» WHAT TO WORK ON
Give the listing again word for word. Leave every image out.

↓

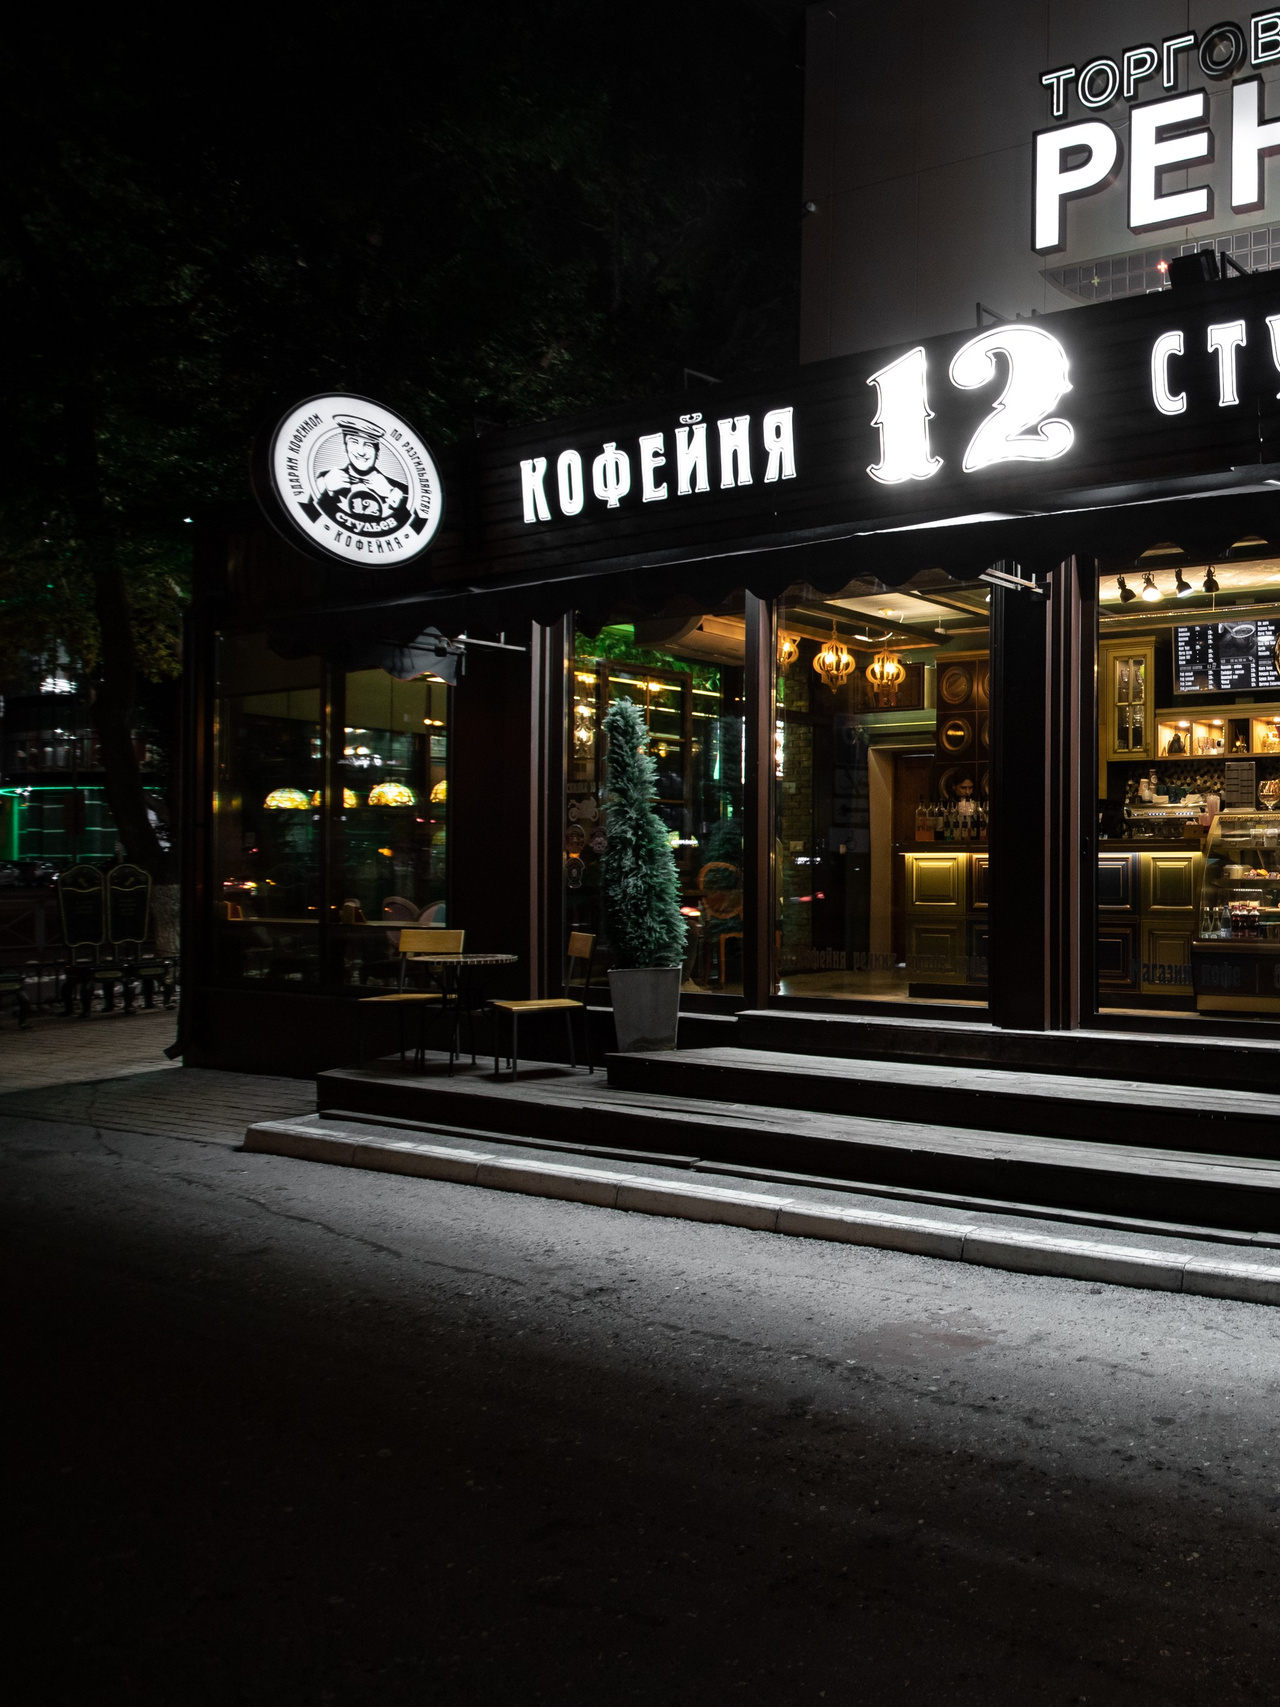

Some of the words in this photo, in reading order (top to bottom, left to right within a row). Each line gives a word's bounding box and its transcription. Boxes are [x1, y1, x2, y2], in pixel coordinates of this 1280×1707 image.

[287, 412, 324, 455] КОФЕИНОМ
[519, 406, 798, 524] КОФЕЙНЯ
[865, 323, 1076, 486] 12
[286, 456, 305, 497] УДАРИМ
[390, 428, 403, 442] ПО
[402, 441, 432, 515] РАЗГИЛЬДЯЙСТВУ
[351, 497, 381, 516] 12
[333, 529, 404, 554] КОФЕЙНЯ
[1200, 961, 1241, 989] кофе
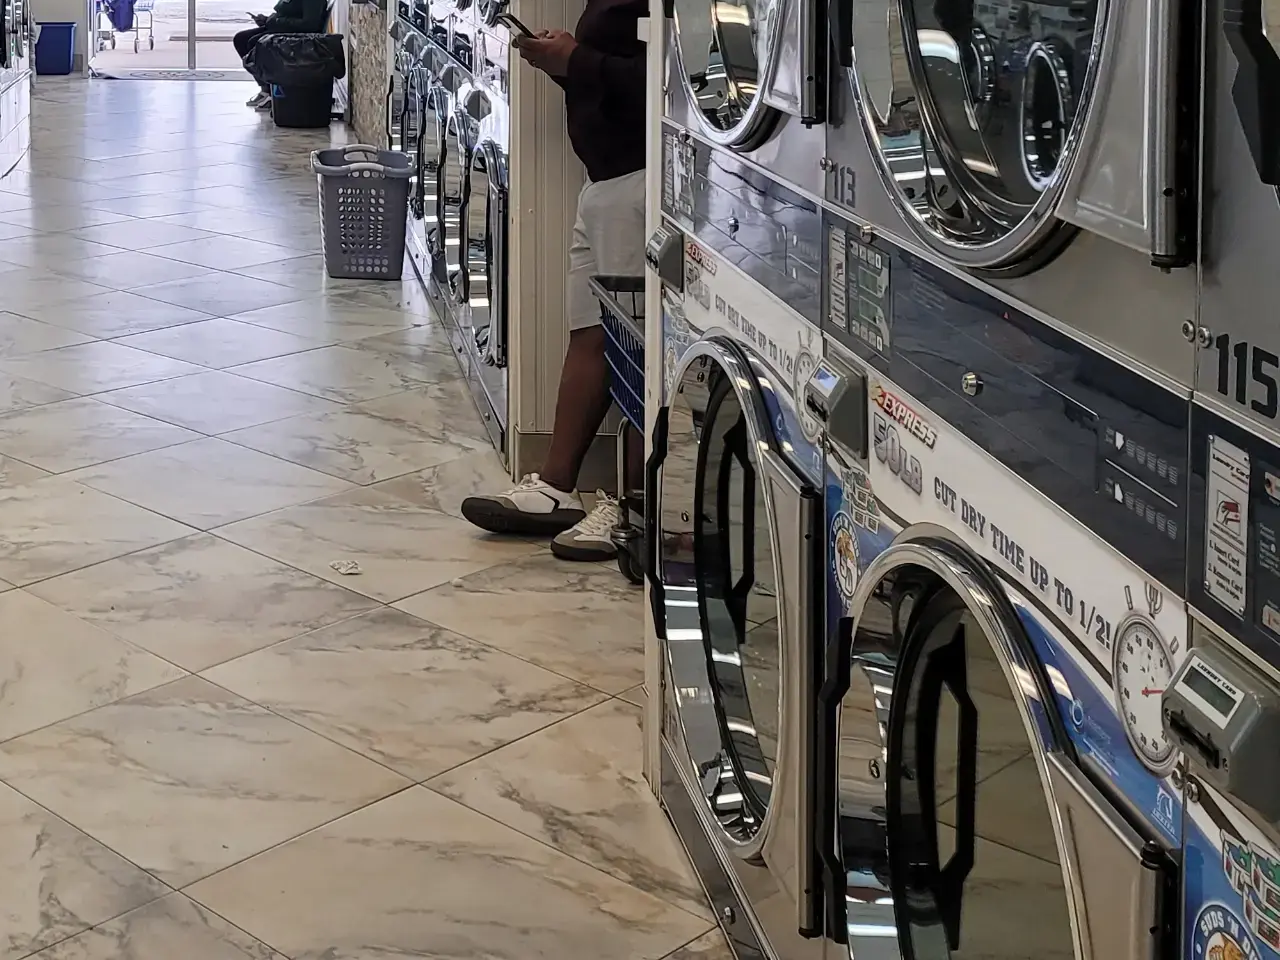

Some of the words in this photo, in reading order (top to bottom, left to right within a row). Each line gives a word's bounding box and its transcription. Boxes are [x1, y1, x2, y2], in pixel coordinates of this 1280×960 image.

[833, 162, 856, 208] 113
[692, 245, 717, 276] EXPRESS
[715, 294, 726, 316] CUT
[728, 305, 740, 328] DRY
[741, 315, 757, 343] TIME
[758, 330, 767, 350] UP
[768, 339, 777, 361] TO
[779, 348, 793, 375] 1/2!
[1216, 334, 1278, 419] 115
[882, 395, 938, 449] EXPRESS
[1212, 453, 1235, 471] Laundry
[873, 412, 922, 495] 50LB
[934, 476, 957, 514] CUT
[960, 495, 987, 539] DRY
[990, 522, 1025, 574] TIME
[1029, 556, 1049, 592] UP
[1053, 580, 1074, 617] TO
[1079, 600, 1112, 651] 1/2!
[1214, 543, 1227, 558] Insert
[1228, 552, 1240, 567] Card
[1213, 566, 1231, 583] Remove
[1231, 578, 1243, 594] Card
[1152, 808, 1176, 835] DEXTER
[1201, 911, 1225, 937] SUDS

↑

» REPLY
Some of the words in this photo, in reading order (top to bottom, left to right within a row). Each line gives a word's bounding box and its transcription. Boxes are [x1, y1, x2, y2], in pixel coordinates of this 1280×1707 image.

[287, 412, 324, 455] КОФЕИНОМ
[519, 406, 798, 524] КОФЕЙНЯ
[865, 323, 1076, 486] 12
[286, 456, 305, 497] УДАРИМ
[390, 428, 403, 442] ПО
[402, 441, 432, 515] РАЗГИЛЬДЯЙСТВУ
[351, 497, 381, 516] 12
[333, 529, 404, 554] КОФЕЙНЯ
[1200, 961, 1241, 989] кофе

Some of the words in this photo, in reading order (top to bottom, left to right within a row). Each line gives a word's bounding box and its transcription. Boxes are [x1, y1, x2, y2], in pixel coordinates of this 1280×960 image.

[833, 162, 856, 208] 113
[692, 245, 717, 276] EXPRESS
[715, 294, 726, 316] CUT
[728, 305, 740, 328] DRY
[741, 315, 757, 343] TIME
[758, 330, 767, 350] UP
[768, 339, 777, 361] TO
[779, 348, 793, 375] 1/2!
[1216, 334, 1278, 419] 115
[882, 395, 938, 449] EXPRESS
[1212, 453, 1235, 471] Laundry
[873, 412, 922, 495] 50LB
[934, 476, 957, 514] CUT
[960, 495, 987, 539] DRY
[990, 522, 1025, 574] TIME
[1029, 556, 1049, 592] UP
[1053, 580, 1074, 617] TO
[1079, 600, 1112, 651] 1/2!
[1214, 543, 1227, 558] Insert
[1228, 552, 1240, 567] Card
[1213, 566, 1231, 583] Remove
[1231, 578, 1243, 594] Card
[1152, 808, 1176, 835] DEXTER
[1201, 911, 1225, 937] SUDS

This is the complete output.